As we sit in the bright sunshine on the veranda outside the fistula ward at Kamuli Mission Hospital, Kevin’s excitement was palpable. She was proud to be selected to be interviewed, which made her more confident to share her story. With her husband, Daniel, nearby, Kevin tells me how she came to seek treatment for fistula.
Kevin was just 17 when she first became pregnant and, in the tradition of her family, she delivered the child with a Traditional Birth Attendant (TBA). After delivering, Kevin was in a great deal of pain and the herb bath the TBA prescribed was not providing any relief. After several months, the pain subsided, but she was still leaking urine. When Kevin and Daniel sought advice from TBA, they were told that is just a consequence of childbirth. Knowing in their hearts that there was a better answer, Daniel and Kevin decided to deliver at the health center for their second child. While Kevin and the new baby were recovering, there happened to be a UVP Fistula Ambassador, Jackie, sensitizing a group at the health center. After the presentation, Kevin approached Jackie and the two discussed Kevin’s symptoms, and Jackie suggested they keep in touch.

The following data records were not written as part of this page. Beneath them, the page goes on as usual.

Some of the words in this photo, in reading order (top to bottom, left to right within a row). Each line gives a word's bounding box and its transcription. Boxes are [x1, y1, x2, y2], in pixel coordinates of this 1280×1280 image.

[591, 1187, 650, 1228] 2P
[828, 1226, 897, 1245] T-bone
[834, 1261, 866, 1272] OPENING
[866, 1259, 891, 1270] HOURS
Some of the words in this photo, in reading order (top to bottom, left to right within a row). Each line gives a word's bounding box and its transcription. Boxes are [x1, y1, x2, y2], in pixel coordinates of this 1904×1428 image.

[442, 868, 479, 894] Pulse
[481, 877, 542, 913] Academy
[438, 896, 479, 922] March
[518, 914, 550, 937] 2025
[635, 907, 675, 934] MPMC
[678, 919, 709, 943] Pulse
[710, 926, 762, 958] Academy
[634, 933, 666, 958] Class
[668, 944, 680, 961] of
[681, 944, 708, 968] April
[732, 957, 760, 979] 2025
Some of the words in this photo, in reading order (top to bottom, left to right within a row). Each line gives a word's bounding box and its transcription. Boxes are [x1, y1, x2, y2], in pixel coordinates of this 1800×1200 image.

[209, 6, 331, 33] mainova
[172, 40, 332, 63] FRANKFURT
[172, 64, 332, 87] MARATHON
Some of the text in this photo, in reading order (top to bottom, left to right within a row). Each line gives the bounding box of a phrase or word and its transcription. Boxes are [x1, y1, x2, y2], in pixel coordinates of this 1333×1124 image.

Months later, Jackie went to visit Kevin and talked about the upcoming fistula treatment camp. With the TBA’s advice that this was simply a result of childbirth ringing in her ears, Kevin was reluctant to attend the camp. It wasn’t until Daniel said he would escort her and act as her attendant that she committed to seeking treatment.
Now, after a successful surgery, Kevin is so grateful for that fateful day at the health center. If it weren’t for the Fistula Ambassador, Kevin may have never learned about fistula and could still be suffering. She and Daniel are both appreciative for the services provided to them and vowed to continue sharing their story with others who needed education about preventing fistula.